07 November 2007

#15 Libraries & users in the future

One of the most exciting things for me about the Web 2.0 features we've been exploring is the collaborative aspect which encourages library users to contribute their expertise to enhance the services on offer. Librarians have traditionally been seen as the authorities who present carefully selected materials to their users. This role has been changing for some time now to one that is more directional and enabling for users. The ubiquity of the internet has made it imperative that librarians be involve in the creation of internet content, too, not just navigators of it. Del.icio.us and LibraryThing are brilliant examples of how knowledge can be distributed among users rather than to users.

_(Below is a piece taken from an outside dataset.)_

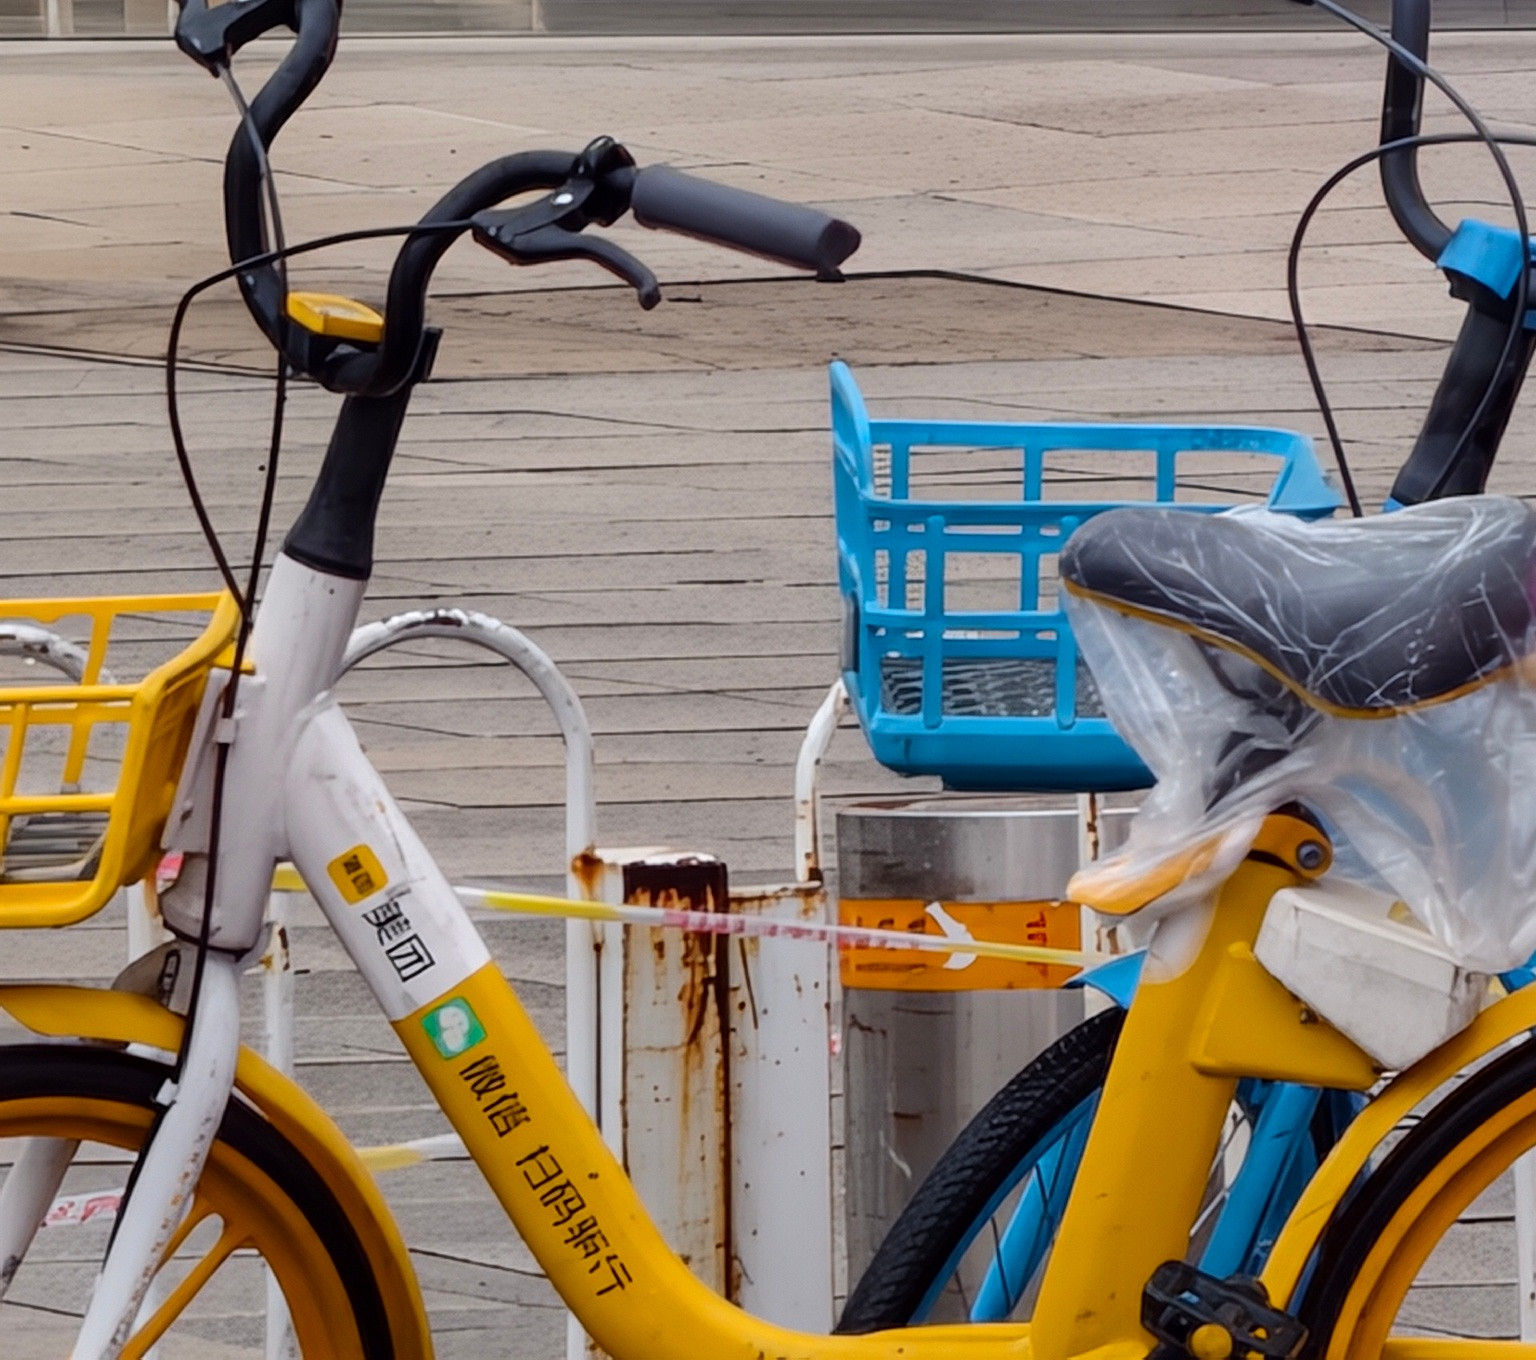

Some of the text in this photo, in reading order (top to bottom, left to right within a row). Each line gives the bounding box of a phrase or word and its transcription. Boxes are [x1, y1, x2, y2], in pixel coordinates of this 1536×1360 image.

[362, 894, 435, 982] 美团
[458, 1053, 634, 1297] 微信 扫码骑行

The challenge is to find mechanisms for encouraging and enabling users to share their knowledge as a part of what they are already doing. Applying the idea of del.icio.us bookmarking in a targetted way - different buttons for specific resources (wikis?) - within an organisational intranet perhaps, could be a useful knowledge management tool.

But it is important to keep in mind that not everyone will be directly "connected". And there will always be those who want to use libraries only to find good books to take away and read on their own. Also, we are an ageing population and many will never be users of technology. I can envisage expanded mobile and home library services with more librarians visiting users (not just delivering books) equipped with laptop computers, library newsletters, transcripts of discussion group meetings and personalised reading selection lists. These lists could be created from services such as LibraryThing and Whichbook customised to the library's IPAC to enable housebound library users to have greater interaction with their library services even if they aren't able to use the technological tools. Together with their visiting librarian/s they can have a personalised library service equal to other more mobile and connected users.

Now that scenario may be useful for the next 30 years, but after that, as one of my colleagues has suggested, everyone will be chip-implanted and "wired" to everyone else. I think I would prefer to have a librarian visit me!